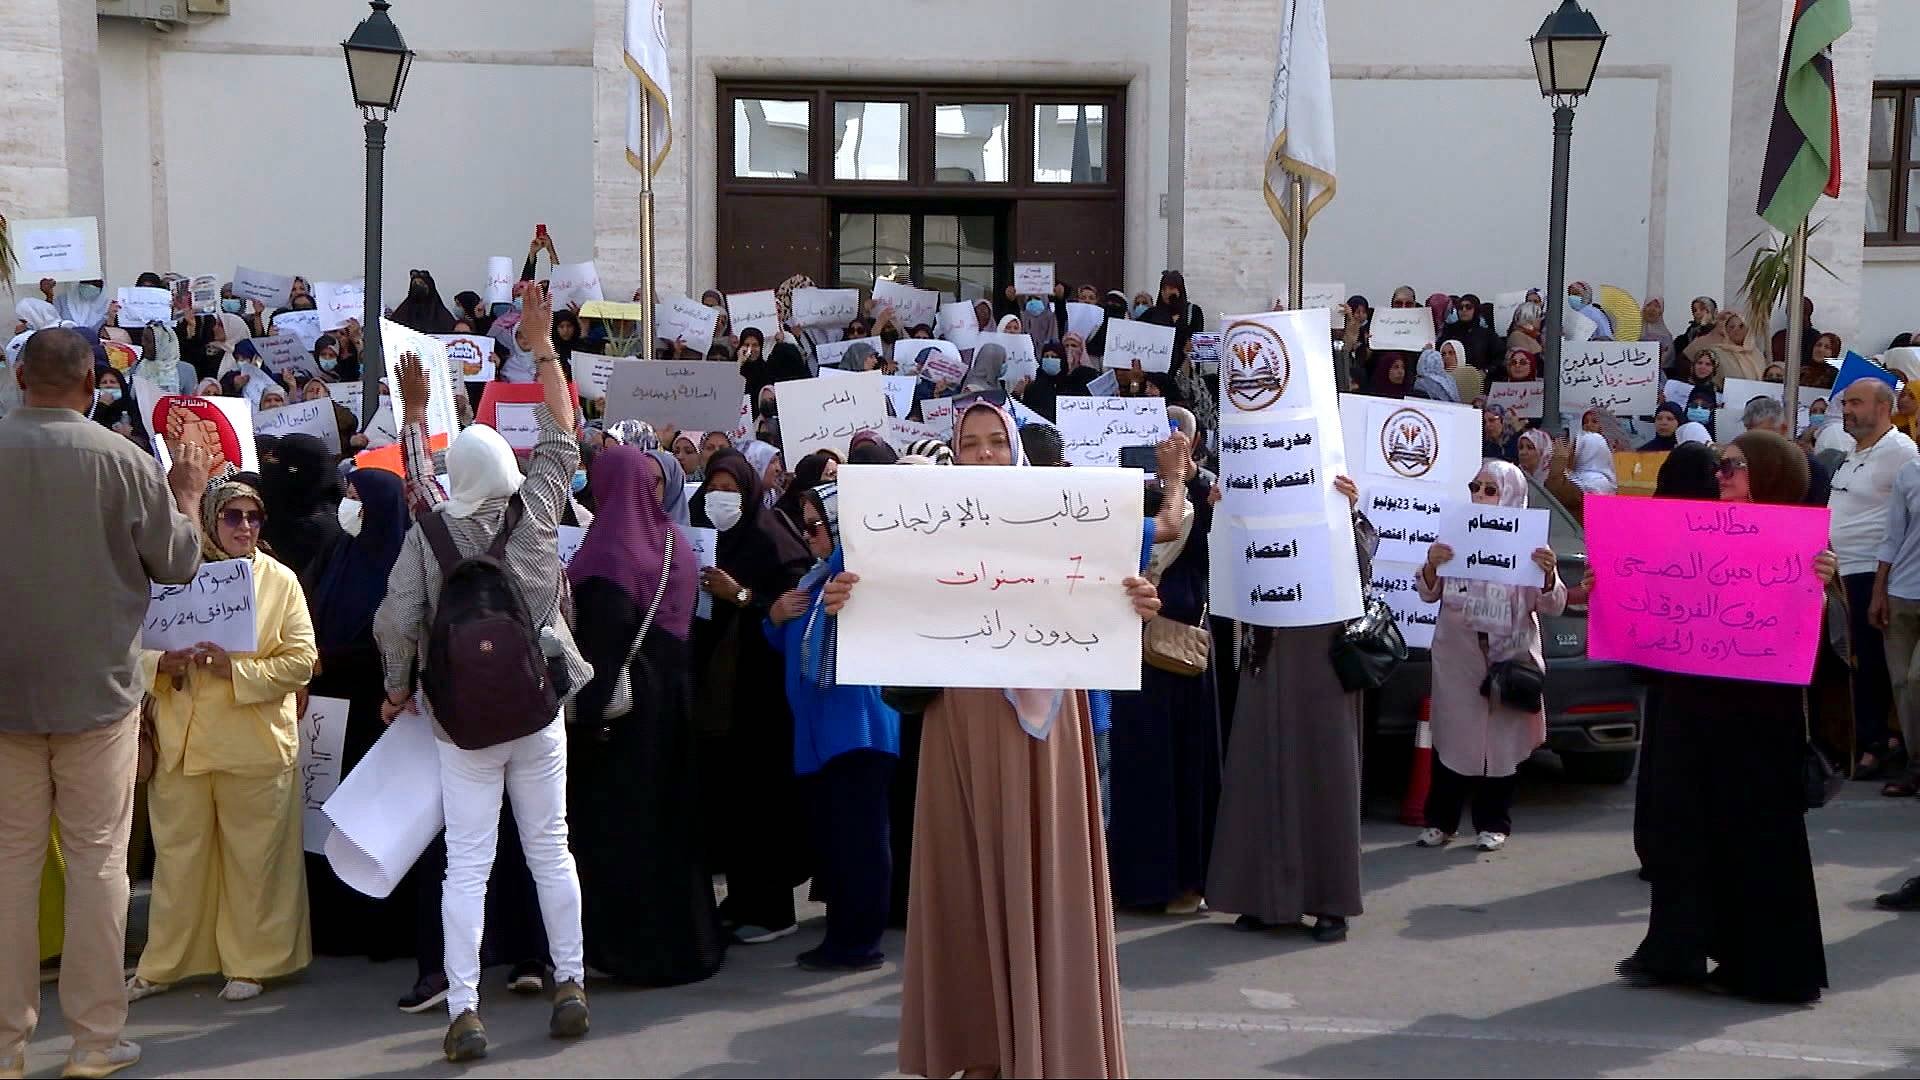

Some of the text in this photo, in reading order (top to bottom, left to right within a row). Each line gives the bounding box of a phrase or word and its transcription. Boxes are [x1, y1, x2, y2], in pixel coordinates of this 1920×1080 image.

[822, 391, 857, 412] المعلم
[1262, 433, 1312, 451] مدرسة
[1263, 469, 1315, 494] اعتصام
[999, 489, 1112, 527] نطالب
[1686, 506, 1759, 535] مطالبنا
[1378, 526, 1406, 540] اعتصا
[1468, 514, 1519, 533] اعتصام
[1245, 539, 1298, 563] اعتصام
[1466, 550, 1516, 570] اعتصام
[198, 563, 245, 594] اليوم
[936, 561, 1035, 591] سنوات
[1249, 583, 1302, 608] اعتصام
[196, 596, 250, 624] الموافق
[915, 608, 1099, 652] بدون راتب
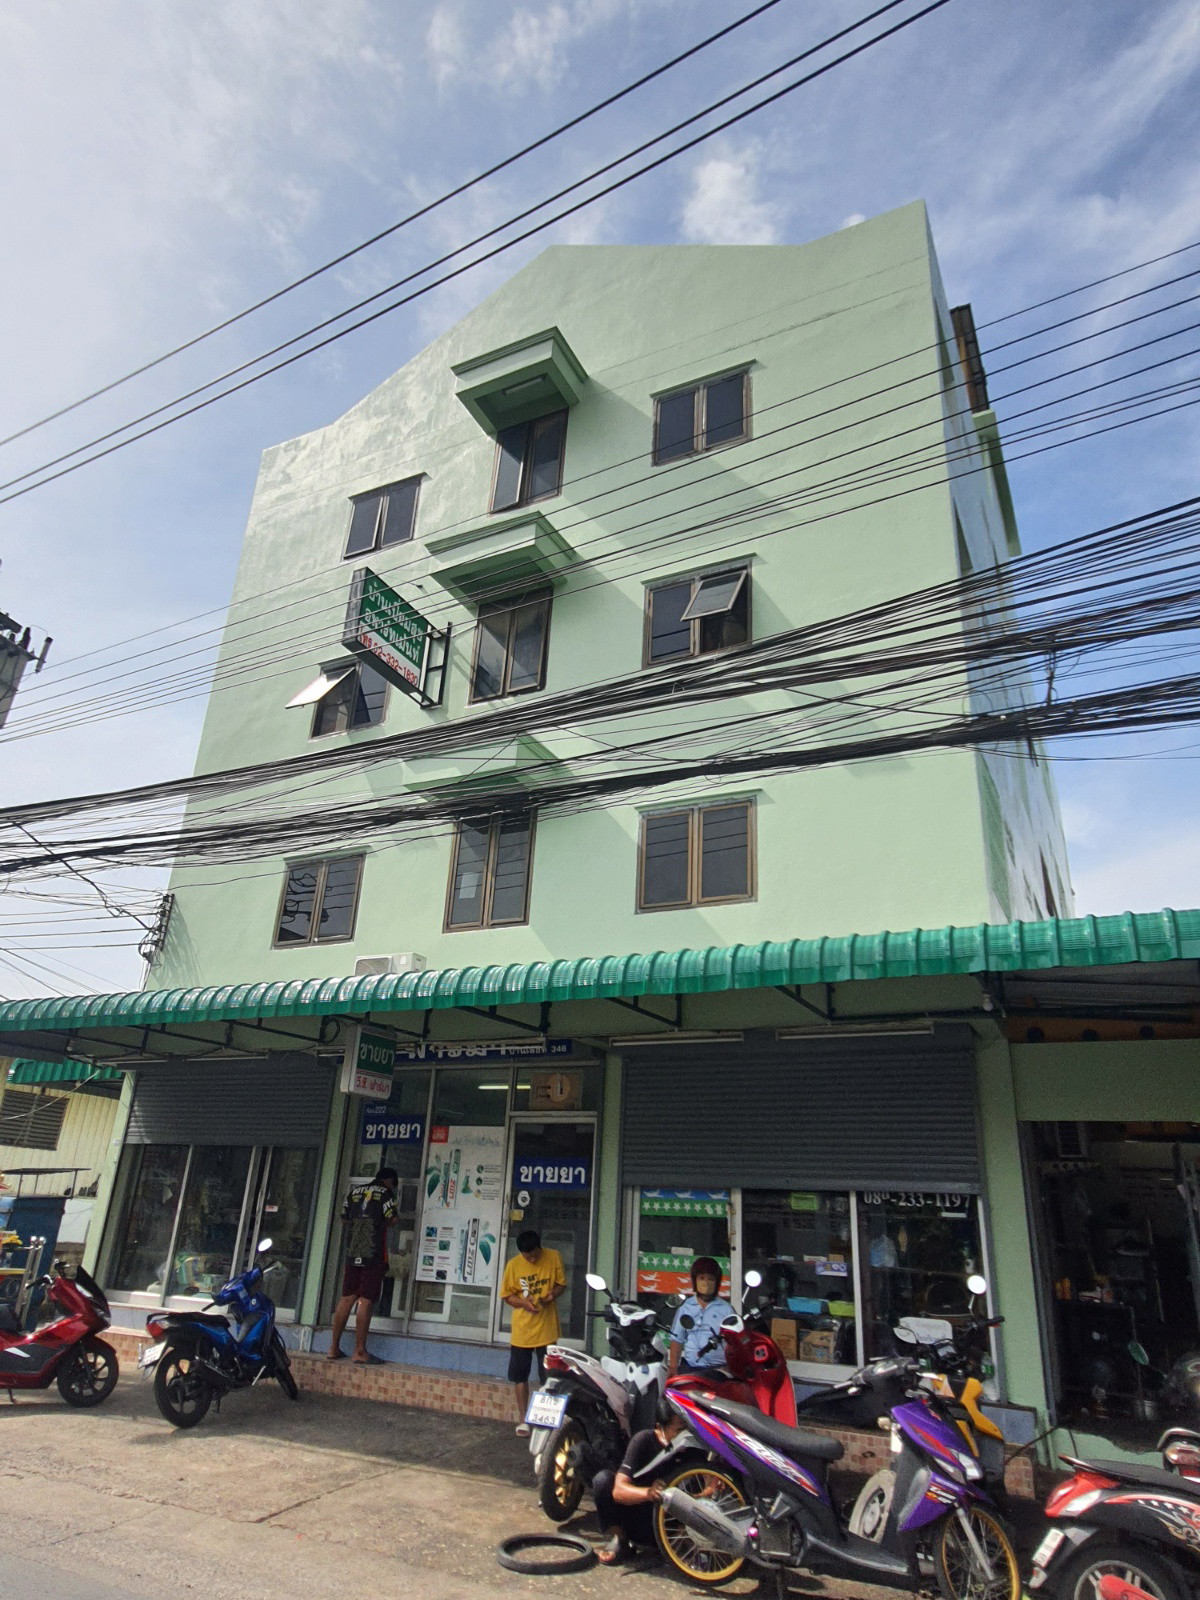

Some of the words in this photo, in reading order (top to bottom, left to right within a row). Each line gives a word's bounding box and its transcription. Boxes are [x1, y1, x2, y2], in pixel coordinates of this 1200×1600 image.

[360, 1043, 394, 1066] ขายยา
[366, 1123, 421, 1139] ขายยา
[520, 1166, 586, 1184] ขายยา
[532, 1413, 556, 1425] 3463
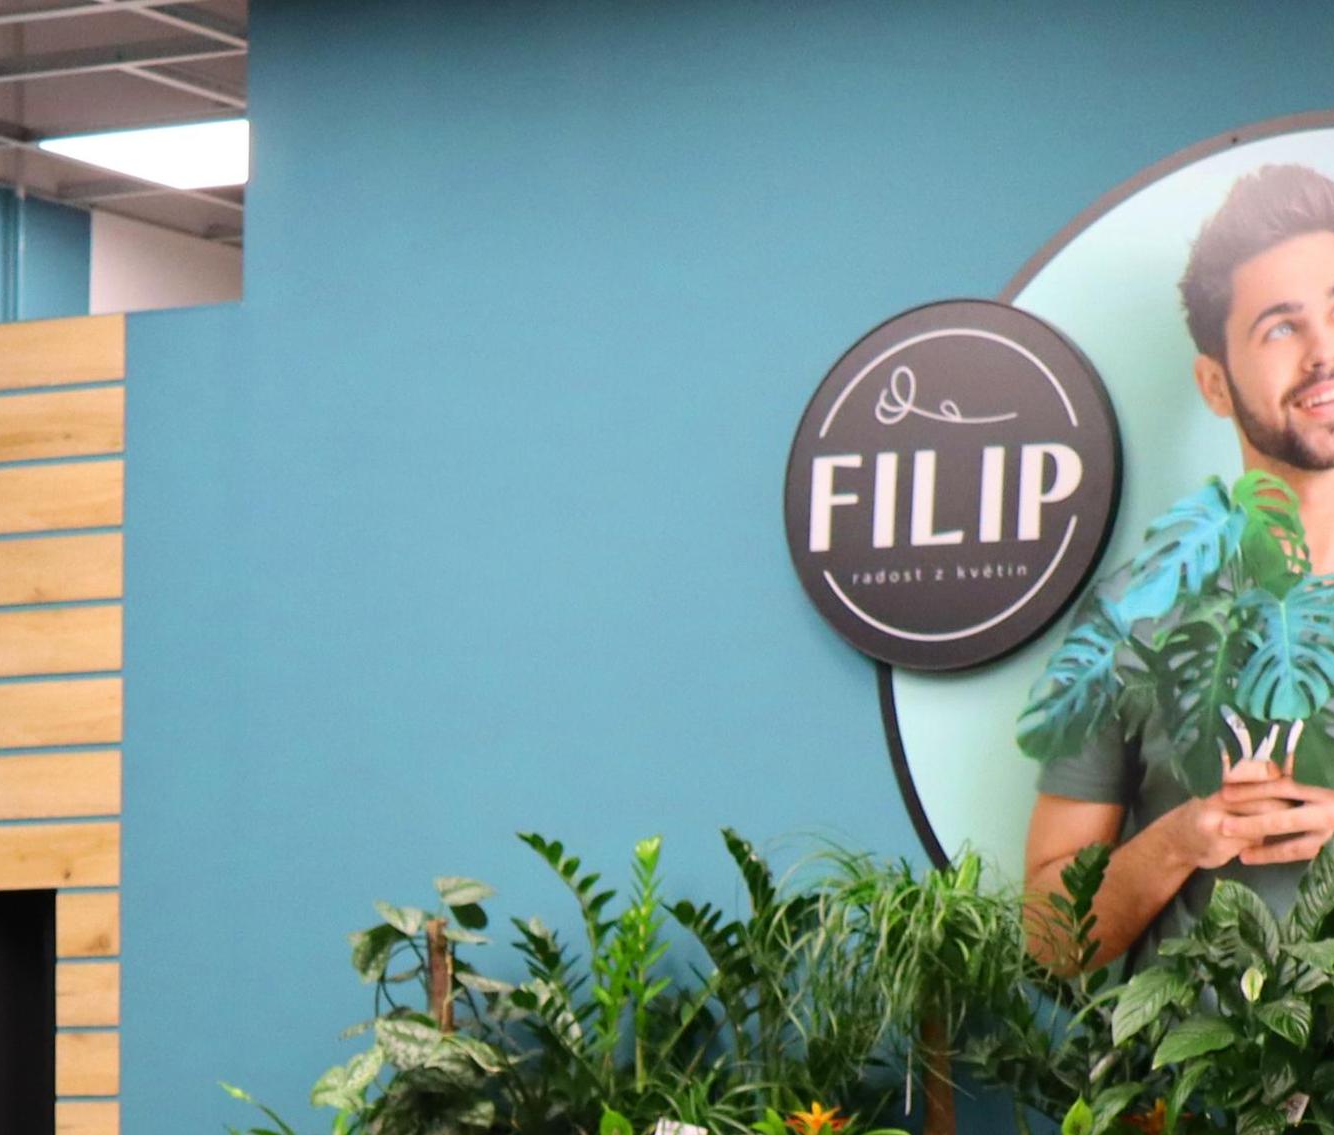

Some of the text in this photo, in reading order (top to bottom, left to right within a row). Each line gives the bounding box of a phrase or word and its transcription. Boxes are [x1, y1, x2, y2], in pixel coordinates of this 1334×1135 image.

[808, 443, 1083, 552] FILIP
[852, 561, 1029, 585] radost z květin
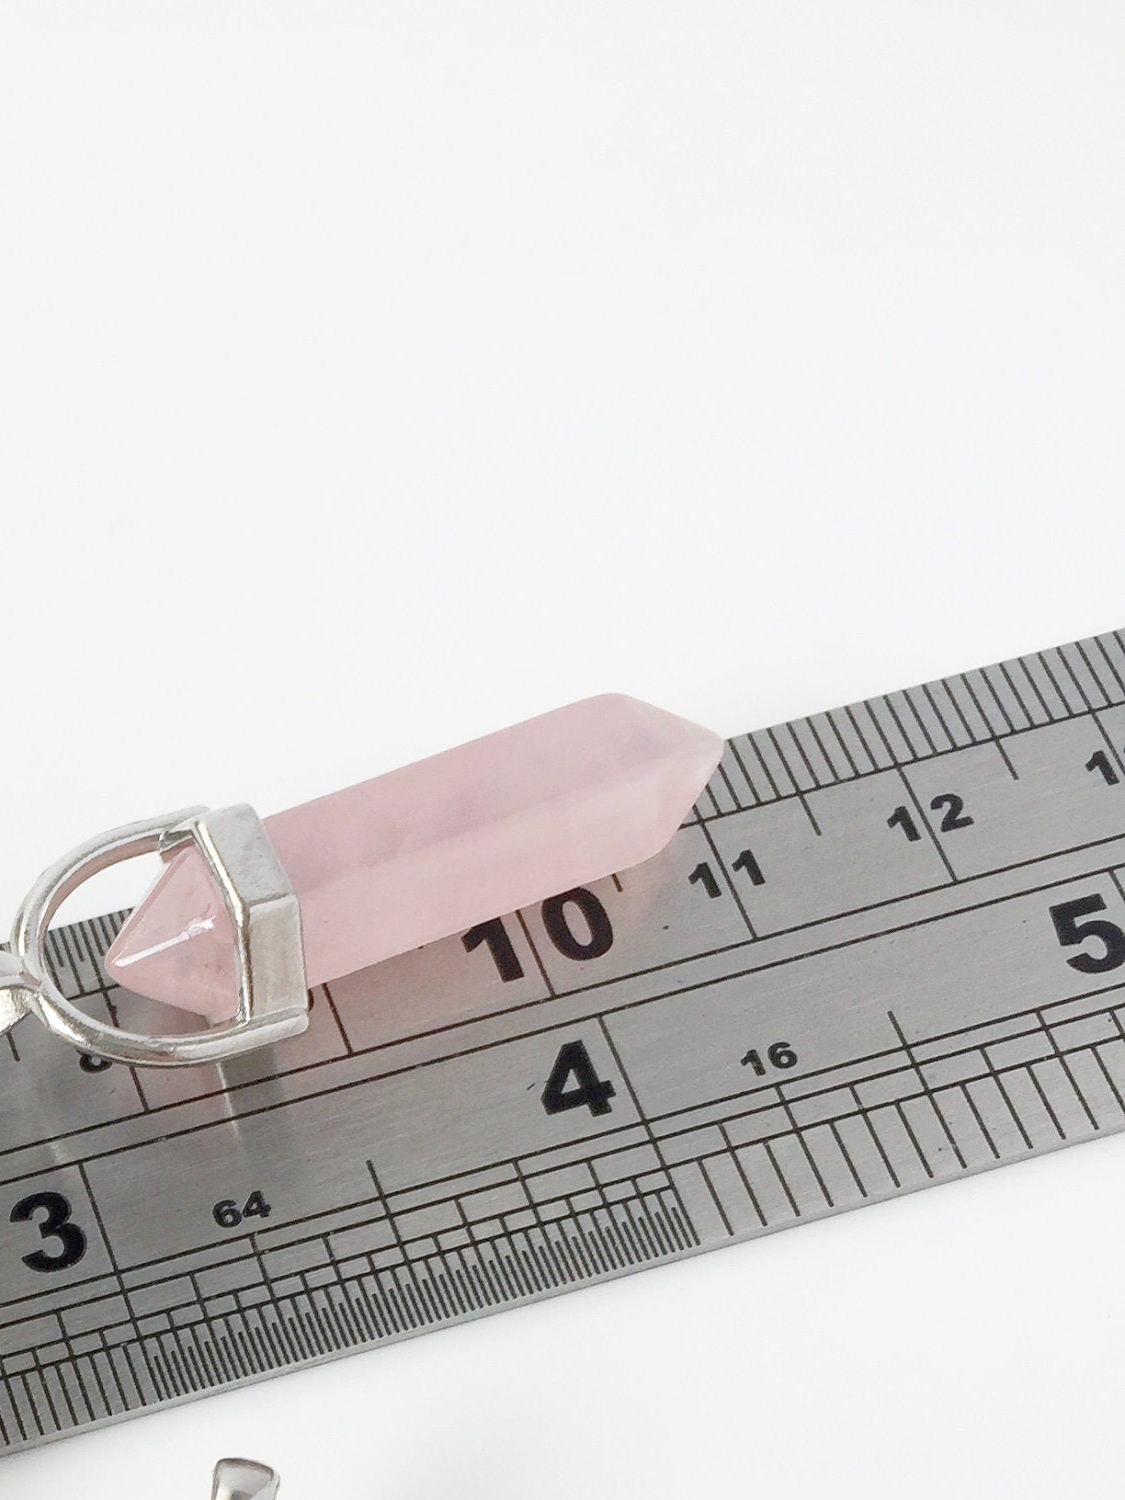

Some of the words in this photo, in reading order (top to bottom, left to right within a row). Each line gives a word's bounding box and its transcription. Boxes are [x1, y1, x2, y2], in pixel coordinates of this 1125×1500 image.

[460, 886, 615, 983] 10
[688, 849, 766, 899] 11
[886, 793, 974, 842] 12
[1084, 748, 1125, 786] 1
[9, 1191, 88, 1273] 3
[540, 1040, 617, 1118] 4
[1048, 893, 1125, 974] 5
[740, 1041, 799, 1076] 16
[212, 1190, 272, 1227] 64

-=-=-

*EXERCISE:*
The expected answer is the full listing above, transcribed exactly and without pictures.

*RESPONSE TO THE EXERCISE:*
Some of the text in this photo, in reading order (top to bottom, left to right within a row). Each line gives the bounding box of a phrase or word and its transcription. Boxes are [x1, y1, x2, y2], in pixel coordinates of this 1920×1080 image.

[822, 391, 857, 412] المعلم
[1262, 433, 1312, 451] مدرسة
[1263, 469, 1315, 494] اعتصام
[999, 489, 1112, 527] نطالب
[1686, 506, 1759, 535] مطالبنا
[1378, 526, 1406, 540] اعتصا
[1468, 514, 1519, 533] اعتصام
[1245, 539, 1298, 563] اعتصام
[1466, 550, 1516, 570] اعتصام
[198, 563, 245, 594] اليوم
[936, 561, 1035, 591] سنوات
[1249, 583, 1302, 608] اعتصام
[196, 596, 250, 624] الموافق
[915, 608, 1099, 652] بدون راتب

Some of the words in this photo, in reading order (top to bottom, left to right within a row). Each line gives a word's bounding box and its transcription. Boxes are [x1, y1, x2, y2], in pixel coordinates of this 1200×1600 image.

[360, 1043, 394, 1066] ขายยา
[366, 1123, 421, 1139] ขายยา
[520, 1166, 586, 1184] ขายยา
[532, 1413, 556, 1425] 3463

Some of the text in this photo, in reading order (top to bottom, left to right within a row). Each line gives the bounding box of a phrase or word and its transcription. Boxes are [x1, y1, x2, y2], in pixel coordinates of this 1334×1135 image.

[808, 443, 1083, 552] FILIP
[852, 561, 1029, 585] radost z květin

Some of the words in this photo, in reading order (top to bottom, left to right within a row). Each line gives a word's bounding box and its transcription. Boxes are [x1, y1, x2, y2], in pixel coordinates of this 1125×1500 image.

[460, 886, 615, 983] 10
[688, 849, 766, 899] 11
[886, 793, 974, 842] 12
[1084, 748, 1125, 786] 1
[9, 1191, 88, 1273] 3
[540, 1040, 617, 1118] 4
[1048, 893, 1125, 974] 5
[740, 1041, 799, 1076] 16
[212, 1190, 272, 1227] 64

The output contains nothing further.